[Start of Attachment]

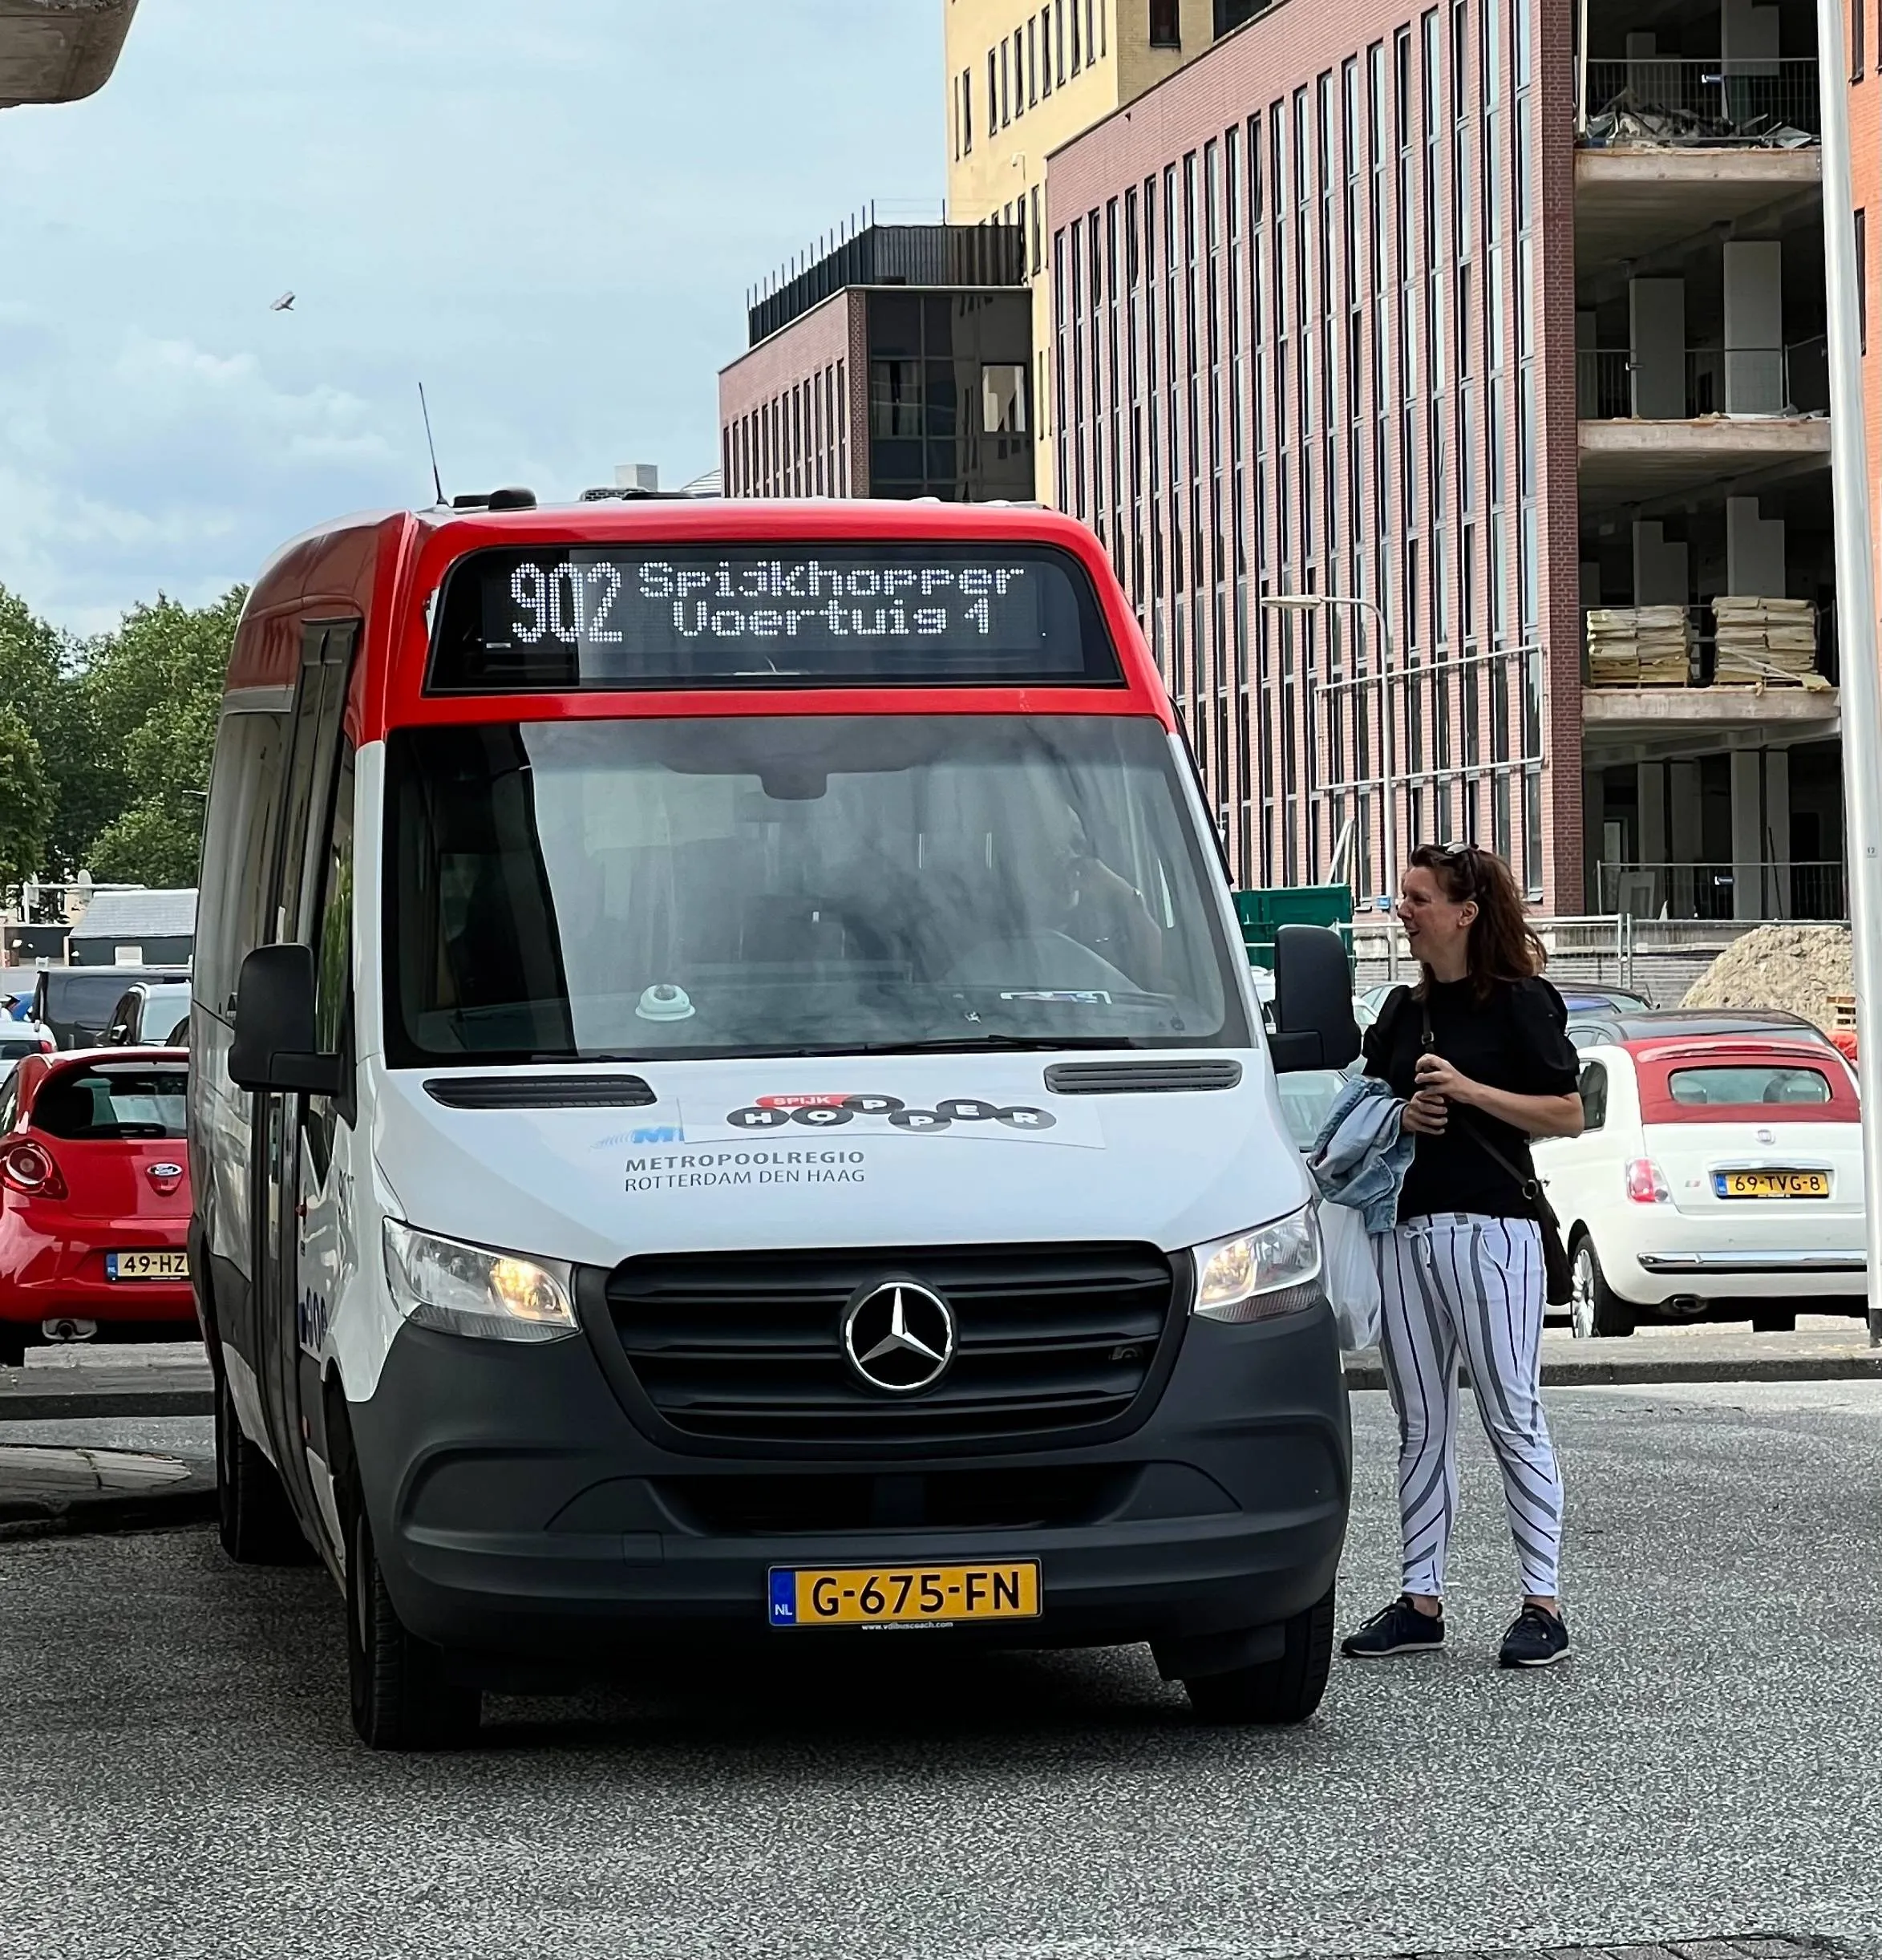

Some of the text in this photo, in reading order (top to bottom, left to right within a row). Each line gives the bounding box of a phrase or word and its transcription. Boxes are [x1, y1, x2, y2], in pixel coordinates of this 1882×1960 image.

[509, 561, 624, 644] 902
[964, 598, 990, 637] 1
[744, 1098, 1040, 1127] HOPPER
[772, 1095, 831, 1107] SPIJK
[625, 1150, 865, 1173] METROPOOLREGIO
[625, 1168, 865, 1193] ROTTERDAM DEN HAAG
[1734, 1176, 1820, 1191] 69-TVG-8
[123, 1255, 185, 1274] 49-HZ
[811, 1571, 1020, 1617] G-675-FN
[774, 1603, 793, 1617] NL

[End of Attachment]

What is needed is an exact copy of the entries, without any images.

**OUTPUT OF THE EXERCISE**
Some of the text in this photo, in reading order (top to bottom, left to right within a row). Each line gives the bounding box of a phrase or word and its transcription. Boxes are [x1, y1, x2, y2], in pixel coordinates of this 1882×1960 image.

[509, 561, 624, 644] 902
[964, 598, 990, 637] 1
[744, 1098, 1040, 1127] HOPPER
[772, 1095, 831, 1107] SPIJK
[625, 1150, 865, 1173] METROPOOLREGIO
[625, 1168, 865, 1193] ROTTERDAM DEN HAAG
[1734, 1176, 1820, 1191] 69-TVG-8
[123, 1255, 185, 1274] 49-HZ
[811, 1571, 1020, 1617] G-675-FN
[774, 1603, 793, 1617] NL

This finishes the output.